**WHAT THE TASK REQUIRES:**
Copy out all of the entries exactly as they appear.

**SUPPLIED INFORMATION:**
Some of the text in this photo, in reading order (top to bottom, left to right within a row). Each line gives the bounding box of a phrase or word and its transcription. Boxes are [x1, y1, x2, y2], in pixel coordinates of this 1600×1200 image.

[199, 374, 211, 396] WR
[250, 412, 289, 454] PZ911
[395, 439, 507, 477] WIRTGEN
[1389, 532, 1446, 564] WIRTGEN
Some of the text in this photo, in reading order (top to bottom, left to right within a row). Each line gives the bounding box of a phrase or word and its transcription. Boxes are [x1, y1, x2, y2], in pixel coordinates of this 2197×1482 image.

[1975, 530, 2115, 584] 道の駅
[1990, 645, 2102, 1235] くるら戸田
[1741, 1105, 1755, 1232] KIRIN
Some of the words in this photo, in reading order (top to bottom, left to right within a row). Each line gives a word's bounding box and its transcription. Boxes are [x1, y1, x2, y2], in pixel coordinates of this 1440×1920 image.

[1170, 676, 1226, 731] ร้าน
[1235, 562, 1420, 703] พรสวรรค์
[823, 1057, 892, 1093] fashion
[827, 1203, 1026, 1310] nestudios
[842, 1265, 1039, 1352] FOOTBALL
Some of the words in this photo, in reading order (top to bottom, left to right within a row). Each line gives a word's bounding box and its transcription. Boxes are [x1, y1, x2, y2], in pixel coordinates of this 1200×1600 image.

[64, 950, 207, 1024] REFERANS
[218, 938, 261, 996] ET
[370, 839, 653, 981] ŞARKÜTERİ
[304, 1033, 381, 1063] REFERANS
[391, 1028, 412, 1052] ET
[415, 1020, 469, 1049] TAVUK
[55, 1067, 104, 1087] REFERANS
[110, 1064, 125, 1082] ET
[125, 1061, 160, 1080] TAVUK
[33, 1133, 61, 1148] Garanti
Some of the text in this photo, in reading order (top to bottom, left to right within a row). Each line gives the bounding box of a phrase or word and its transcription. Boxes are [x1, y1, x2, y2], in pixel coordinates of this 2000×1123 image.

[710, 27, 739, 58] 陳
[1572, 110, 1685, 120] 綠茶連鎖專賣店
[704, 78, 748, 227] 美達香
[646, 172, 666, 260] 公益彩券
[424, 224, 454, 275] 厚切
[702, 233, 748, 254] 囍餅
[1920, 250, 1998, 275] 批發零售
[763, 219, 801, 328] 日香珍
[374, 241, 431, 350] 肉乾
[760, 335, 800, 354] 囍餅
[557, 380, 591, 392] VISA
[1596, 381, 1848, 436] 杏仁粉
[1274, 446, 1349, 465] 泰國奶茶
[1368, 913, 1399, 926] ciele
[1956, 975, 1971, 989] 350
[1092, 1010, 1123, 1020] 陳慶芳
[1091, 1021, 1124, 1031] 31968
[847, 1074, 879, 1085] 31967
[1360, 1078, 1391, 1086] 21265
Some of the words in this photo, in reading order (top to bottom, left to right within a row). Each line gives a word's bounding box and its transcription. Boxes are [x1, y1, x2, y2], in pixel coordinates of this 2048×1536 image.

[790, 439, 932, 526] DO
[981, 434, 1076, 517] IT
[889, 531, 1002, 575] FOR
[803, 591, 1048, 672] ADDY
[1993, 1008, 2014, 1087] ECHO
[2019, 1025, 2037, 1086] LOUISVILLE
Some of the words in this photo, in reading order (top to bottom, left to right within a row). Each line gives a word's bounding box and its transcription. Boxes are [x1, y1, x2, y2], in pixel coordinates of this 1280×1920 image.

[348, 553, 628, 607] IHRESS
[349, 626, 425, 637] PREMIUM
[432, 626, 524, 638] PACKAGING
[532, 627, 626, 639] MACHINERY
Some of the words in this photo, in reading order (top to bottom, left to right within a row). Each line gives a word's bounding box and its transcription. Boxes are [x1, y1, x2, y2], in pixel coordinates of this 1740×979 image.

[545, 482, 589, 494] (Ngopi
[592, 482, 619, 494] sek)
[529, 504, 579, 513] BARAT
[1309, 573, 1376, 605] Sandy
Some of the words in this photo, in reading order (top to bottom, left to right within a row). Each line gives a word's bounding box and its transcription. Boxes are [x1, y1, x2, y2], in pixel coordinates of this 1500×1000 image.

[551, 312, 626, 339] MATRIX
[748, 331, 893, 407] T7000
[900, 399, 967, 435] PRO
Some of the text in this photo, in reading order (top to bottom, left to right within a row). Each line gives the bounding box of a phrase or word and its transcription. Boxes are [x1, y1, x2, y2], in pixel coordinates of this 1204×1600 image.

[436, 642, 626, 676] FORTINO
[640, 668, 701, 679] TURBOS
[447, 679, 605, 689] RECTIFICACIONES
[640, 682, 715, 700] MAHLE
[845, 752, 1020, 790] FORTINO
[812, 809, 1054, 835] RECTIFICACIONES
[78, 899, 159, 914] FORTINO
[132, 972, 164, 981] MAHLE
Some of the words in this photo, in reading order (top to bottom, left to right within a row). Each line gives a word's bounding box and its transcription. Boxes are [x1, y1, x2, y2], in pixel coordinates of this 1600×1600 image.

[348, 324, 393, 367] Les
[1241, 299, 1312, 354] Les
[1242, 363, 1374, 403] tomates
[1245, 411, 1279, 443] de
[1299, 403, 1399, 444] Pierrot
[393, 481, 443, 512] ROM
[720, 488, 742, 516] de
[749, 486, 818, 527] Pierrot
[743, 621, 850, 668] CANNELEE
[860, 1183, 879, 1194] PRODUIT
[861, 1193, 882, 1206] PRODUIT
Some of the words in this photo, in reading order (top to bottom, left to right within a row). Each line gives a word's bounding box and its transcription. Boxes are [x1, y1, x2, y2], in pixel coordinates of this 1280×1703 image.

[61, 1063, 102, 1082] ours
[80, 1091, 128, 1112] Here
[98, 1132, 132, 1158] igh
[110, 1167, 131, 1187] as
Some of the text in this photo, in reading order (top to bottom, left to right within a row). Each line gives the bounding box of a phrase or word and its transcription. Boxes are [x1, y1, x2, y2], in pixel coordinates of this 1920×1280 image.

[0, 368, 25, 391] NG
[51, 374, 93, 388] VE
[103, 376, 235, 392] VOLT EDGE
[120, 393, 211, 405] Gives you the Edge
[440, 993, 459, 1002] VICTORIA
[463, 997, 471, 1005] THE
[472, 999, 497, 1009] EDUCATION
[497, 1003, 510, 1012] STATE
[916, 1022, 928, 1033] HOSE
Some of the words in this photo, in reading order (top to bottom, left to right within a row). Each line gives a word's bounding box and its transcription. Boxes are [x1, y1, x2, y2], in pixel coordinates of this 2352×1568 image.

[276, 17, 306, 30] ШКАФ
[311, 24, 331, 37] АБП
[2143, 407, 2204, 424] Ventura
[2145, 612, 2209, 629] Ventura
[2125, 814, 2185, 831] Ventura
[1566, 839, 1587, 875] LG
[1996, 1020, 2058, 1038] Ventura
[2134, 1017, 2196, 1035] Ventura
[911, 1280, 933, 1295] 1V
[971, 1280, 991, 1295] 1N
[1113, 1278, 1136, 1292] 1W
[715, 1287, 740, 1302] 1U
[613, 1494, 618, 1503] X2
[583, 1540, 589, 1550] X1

**TASK SOLUTION:**
Some of the text in this photo, in reading order (top to bottom, left to right within a row). Each line gives the bounding box of a phrase or word and its transcription. Boxes are [x1, y1, x2, y2], in pixel coordinates of this 1600×1200 image.

[199, 374, 211, 396] WR
[250, 412, 289, 454] PZ911
[395, 439, 507, 477] WIRTGEN
[1389, 532, 1446, 564] WIRTGEN
Some of the text in this photo, in reading order (top to bottom, left to right within a row). Each line gives the bounding box of a phrase or word and its transcription. Boxes are [x1, y1, x2, y2], in pixel coordinates of this 2197×1482 image.

[1975, 530, 2115, 584] 道の駅
[1990, 645, 2102, 1235] くるら戸田
[1741, 1105, 1755, 1232] KIRIN
Some of the words in this photo, in reading order (top to bottom, left to right within a row). Each line gives a word's bounding box and its transcription. Boxes are [x1, y1, x2, y2], in pixel coordinates of this 1440×1920 image.

[1170, 676, 1226, 731] ร้าน
[1235, 562, 1420, 703] พรสวรรค์
[823, 1057, 892, 1093] fashion
[827, 1203, 1026, 1310] nestudios
[842, 1265, 1039, 1352] FOOTBALL
Some of the words in this photo, in reading order (top to bottom, left to right within a row). Each line gives a word's bounding box and its transcription. Boxes are [x1, y1, x2, y2], in pixel coordinates of this 1200×1600 image.

[64, 950, 207, 1024] REFERANS
[218, 938, 261, 996] ET
[370, 839, 653, 981] ŞARKÜTERİ
[304, 1033, 381, 1063] REFERANS
[391, 1028, 412, 1052] ET
[415, 1020, 469, 1049] TAVUK
[55, 1067, 104, 1087] REFERANS
[110, 1064, 125, 1082] ET
[125, 1061, 160, 1080] TAVUK
[33, 1133, 61, 1148] Garanti
Some of the text in this photo, in reading order (top to bottom, left to right within a row). Each line gives the bounding box of a phrase or word and its transcription. Boxes are [x1, y1, x2, y2], in pixel coordinates of this 2000×1123 image.

[710, 27, 739, 58] 陳
[1572, 110, 1685, 120] 綠茶連鎖專賣店
[704, 78, 748, 227] 美達香
[646, 172, 666, 260] 公益彩券
[424, 224, 454, 275] 厚切
[702, 233, 748, 254] 囍餅
[1920, 250, 1998, 275] 批發零售
[763, 219, 801, 328] 日香珍
[374, 241, 431, 350] 肉乾
[760, 335, 800, 354] 囍餅
[557, 380, 591, 392] VISA
[1596, 381, 1848, 436] 杏仁粉
[1274, 446, 1349, 465] 泰國奶茶
[1368, 913, 1399, 926] ciele
[1956, 975, 1971, 989] 350
[1092, 1010, 1123, 1020] 陳慶芳
[1091, 1021, 1124, 1031] 31968
[847, 1074, 879, 1085] 31967
[1360, 1078, 1391, 1086] 21265
Some of the words in this photo, in reading order (top to bottom, left to right within a row). Each line gives a word's bounding box and its transcription. Boxes are [x1, y1, x2, y2], in pixel coordinates of this 2048×1536 image.

[790, 439, 932, 526] DO
[981, 434, 1076, 517] IT
[889, 531, 1002, 575] FOR
[803, 591, 1048, 672] ADDY
[1993, 1008, 2014, 1087] ECHO
[2019, 1025, 2037, 1086] LOUISVILLE
Some of the words in this photo, in reading order (top to bottom, left to right within a row). Each line gives a word's bounding box and its transcription. Boxes are [x1, y1, x2, y2], in pixel coordinates of this 1280×1920 image.

[348, 553, 628, 607] IHRESS
[349, 626, 425, 637] PREMIUM
[432, 626, 524, 638] PACKAGING
[532, 627, 626, 639] MACHINERY
Some of the words in this photo, in reading order (top to bottom, left to right within a row). Each line gives a word's bounding box and its transcription. Boxes are [x1, y1, x2, y2], in pixel coordinates of this 1740×979 image.

[545, 482, 589, 494] (Ngopi
[592, 482, 619, 494] sek)
[529, 504, 579, 513] BARAT
[1309, 573, 1376, 605] Sandy
Some of the words in this photo, in reading order (top to bottom, left to right within a row). Each line gives a word's bounding box and its transcription. Boxes are [x1, y1, x2, y2], in pixel coordinates of this 1500×1000 image.

[551, 312, 626, 339] MATRIX
[748, 331, 893, 407] T7000
[900, 399, 967, 435] PRO
Some of the text in this photo, in reading order (top to bottom, left to right within a row). Each line gives the bounding box of a phrase or word and its transcription. Boxes are [x1, y1, x2, y2], in pixel coordinates of this 1204×1600 image.

[436, 642, 626, 676] FORTINO
[640, 668, 701, 679] TURBOS
[447, 679, 605, 689] RECTIFICACIONES
[640, 682, 715, 700] MAHLE
[845, 752, 1020, 790] FORTINO
[812, 809, 1054, 835] RECTIFICACIONES
[78, 899, 159, 914] FORTINO
[132, 972, 164, 981] MAHLE
Some of the words in this photo, in reading order (top to bottom, left to right within a row). Each line gives a word's bounding box and its transcription. Boxes are [x1, y1, x2, y2], in pixel coordinates of this 1600×1600 image.

[348, 324, 393, 367] Les
[1241, 299, 1312, 354] Les
[1242, 363, 1374, 403] tomates
[1245, 411, 1279, 443] de
[1299, 403, 1399, 444] Pierrot
[393, 481, 443, 512] ROM
[720, 488, 742, 516] de
[749, 486, 818, 527] Pierrot
[743, 621, 850, 668] CANNELEE
[860, 1183, 879, 1194] PRODUIT
[861, 1193, 882, 1206] PRODUIT
Some of the words in this photo, in reading order (top to bottom, left to right within a row). Each line gives a word's bounding box and its transcription. Boxes are [x1, y1, x2, y2], in pixel coordinates of this 1280×1703 image.

[61, 1063, 102, 1082] ours
[80, 1091, 128, 1112] Here
[98, 1132, 132, 1158] igh
[110, 1167, 131, 1187] as
Some of the text in this photo, in reading order (top to bottom, left to right within a row). Each line gives the bounding box of a phrase or word and its transcription. Boxes are [x1, y1, x2, y2], in pixel coordinates of this 1920×1280 image.

[0, 368, 25, 391] NG
[51, 374, 93, 388] VE
[103, 376, 235, 392] VOLT EDGE
[120, 393, 211, 405] Gives you the Edge
[440, 993, 459, 1002] VICTORIA
[463, 997, 471, 1005] THE
[472, 999, 497, 1009] EDUCATION
[497, 1003, 510, 1012] STATE
[916, 1022, 928, 1033] HOSE
Some of the words in this photo, in reading order (top to bottom, left to right within a row). Each line gives a word's bounding box and its transcription. Boxes are [x1, y1, x2, y2], in pixel coordinates of this 2352×1568 image.

[276, 17, 306, 30] ШКАФ
[311, 24, 331, 37] АБП
[2143, 407, 2204, 424] Ventura
[2145, 612, 2209, 629] Ventura
[2125, 814, 2185, 831] Ventura
[1566, 839, 1587, 875] LG
[1996, 1020, 2058, 1038] Ventura
[2134, 1017, 2196, 1035] Ventura
[911, 1280, 933, 1295] 1V
[971, 1280, 991, 1295] 1N
[1113, 1278, 1136, 1292] 1W
[715, 1287, 740, 1302] 1U
[613, 1494, 618, 1503] X2
[583, 1540, 589, 1550] X1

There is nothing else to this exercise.